-- WORK INSTRUCTION --
Set down the data below in full and exactly, minus the pictures.

-- RECORDS SUPPLIED --
----------
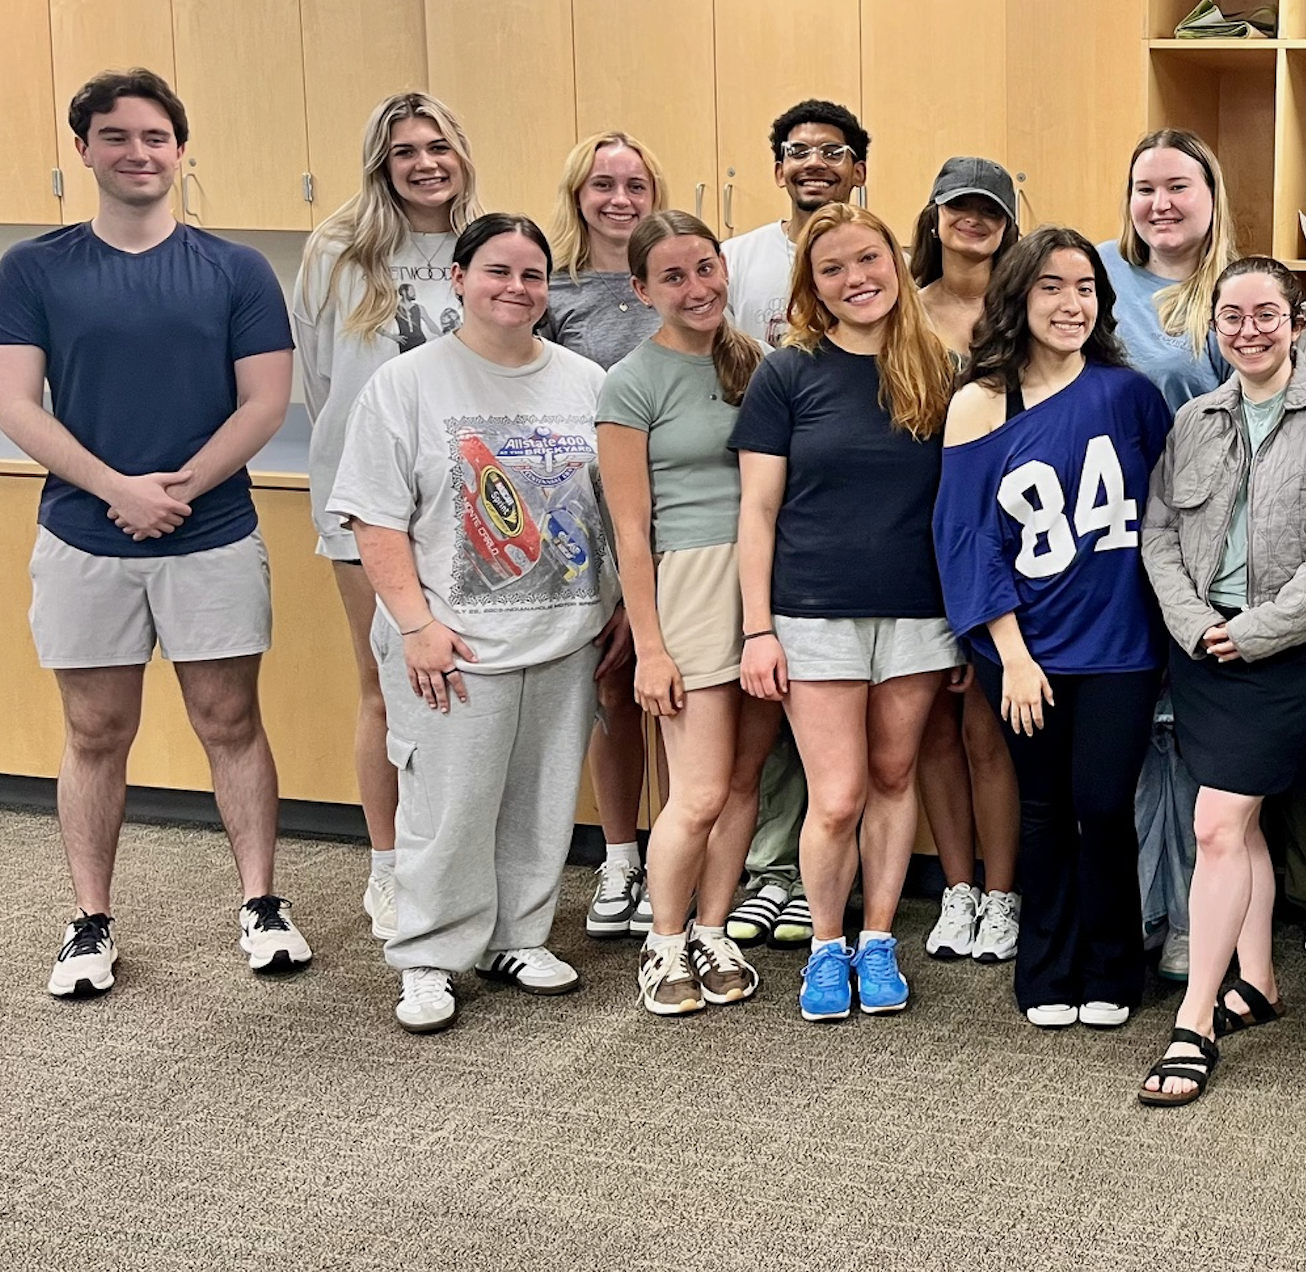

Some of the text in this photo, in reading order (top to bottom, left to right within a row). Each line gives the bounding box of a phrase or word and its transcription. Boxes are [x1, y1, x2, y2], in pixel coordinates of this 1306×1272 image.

[506, 436, 584, 450] Allstate 400
[525, 445, 592, 455] BRICKYARD
[491, 491, 510, 516] Sprint
[997, 434, 1138, 579] 84
----------
-- EXPECTED OUTPUT --
Some of the text in this photo, in reading order (top to bottom, left to right within a row). Each line gives the bounding box of a phrase or word and its transcription. Boxes are [x1, y1, x2, y2], in pixel coordinates of this 1306×1272 image.

[506, 436, 584, 450] Allstate 400
[525, 445, 592, 455] BRICKYARD
[491, 491, 510, 516] Sprint
[997, 434, 1138, 579] 84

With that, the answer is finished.